Oracle® Enterprise Data Quality

Customer Data Services Pack Release Notes

Release 11g R1 (11.1.1.7)

E49691-02

May 2014

This document contains the release information for Oracle Enterprise Data Quality (EDQ) Customer Services Data Pack Release 11g R1 (11.1.1.7).

Oracle recommends you review its contents before installing, or working with the EDQ-CDS product.

1 New Features and Improvements

The following sections describe the new features introduced in each release, as well as, improvements:

Section 1.1, "Release 11g R1 (11.1.1.7.4)"
Section 1.2, "Release 11g R1 (11.1.1.7.3)"

1.1 Release 11g R1 (11.1.1.7.4)

This section addresses Release 11g R1 (11.1.1.7.4).

1.1.1 Bug 17861632: Improve Matching of Company Names with Initials and Acronyms

EDQ-CDS does not find a match for some entities where the entity name is an acronym, standardization or abbreviation. The following new entity match rule groups have been created:

[E230] Standardized full name acronym exact

[E240] Full name without suffixes acronym exact

[E250] Full name without suffixes acronym contains

See Oracle Enterprise Data Quality Customer Data Services Pack Matching Guide for more details about these new rules

1.1.2 Bug 18048606: Improve Matching Involving Stronger Address Matches

EDQ-CDS does not find match for some entities where there is a strong address match and only a weak name match.
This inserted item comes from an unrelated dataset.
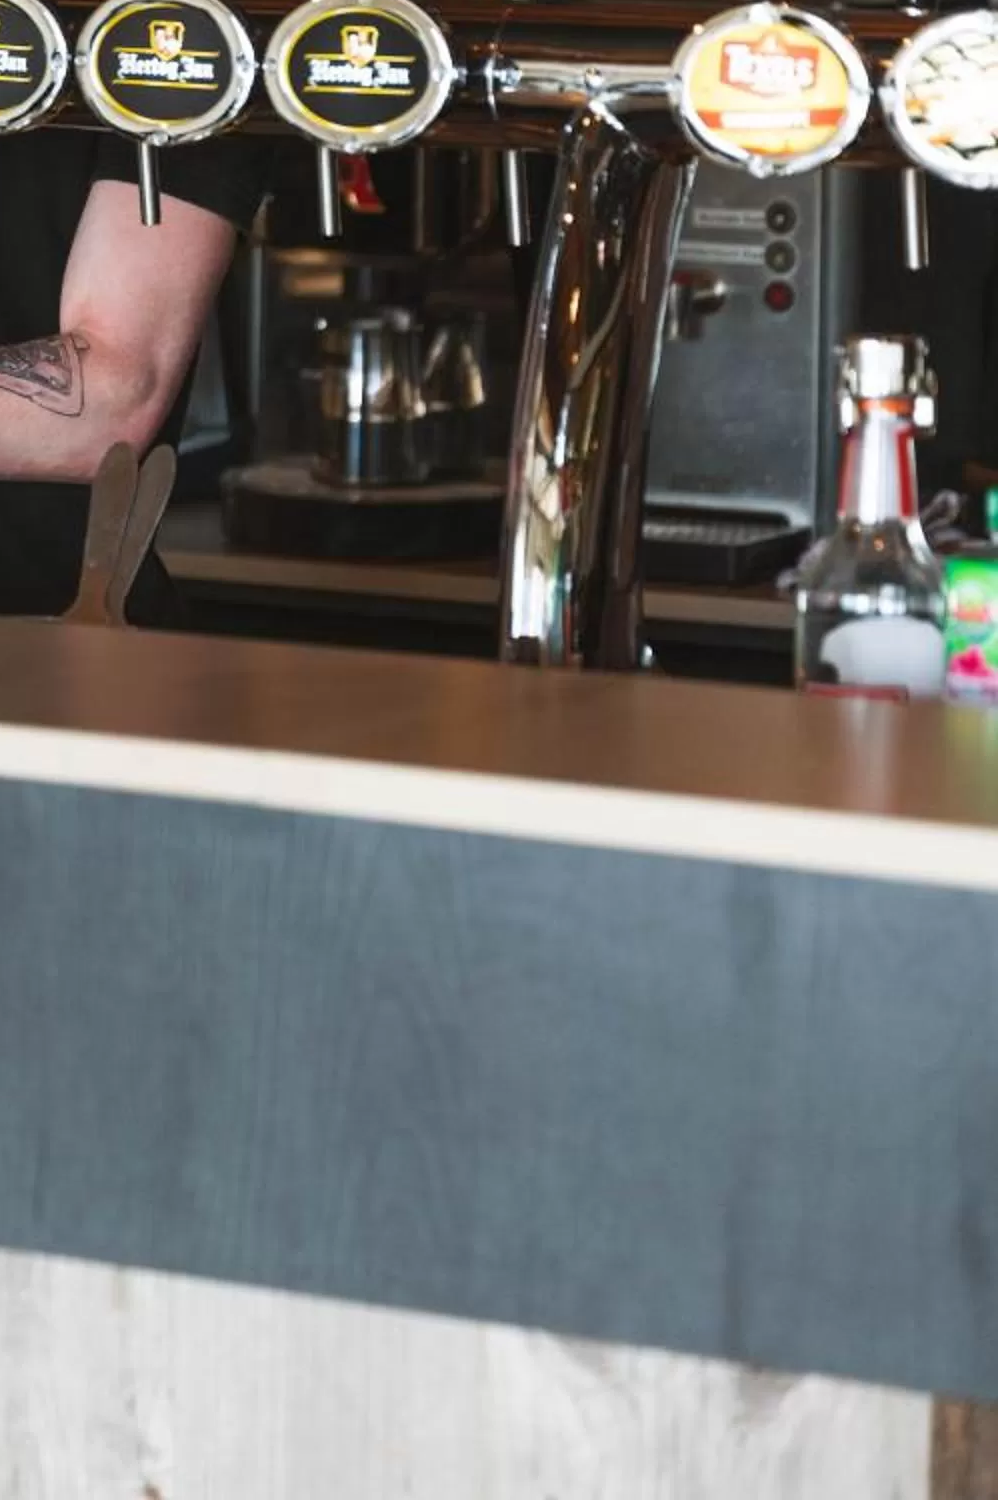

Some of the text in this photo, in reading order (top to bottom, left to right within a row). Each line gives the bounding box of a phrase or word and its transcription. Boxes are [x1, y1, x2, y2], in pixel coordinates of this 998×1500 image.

[117, 52, 215, 83] Hertog Jan
[308, 58, 411, 88] Hertog Jan
The following new entity match rule groups have been created:

[E260] Entity name without suffixes loose typos

[E270] Full name without suffixes first token

The following new entity match rule has been created:

[E900AA] Full Address Exact

1.2 Release 11g R1 (11.1.1.7.3)

This section addresses Release 11g R1 (11.1.1.7.3).

1.2.1 Issue # SIE-271: Generic Batch Jobs

New generic batch jobs for clustering and matching have been added to the product. These jobs allow an external data source to easily be connected to the EDQ-CDS services with minimal configuration effort. The jobs can also be used as the basis for customization of the product.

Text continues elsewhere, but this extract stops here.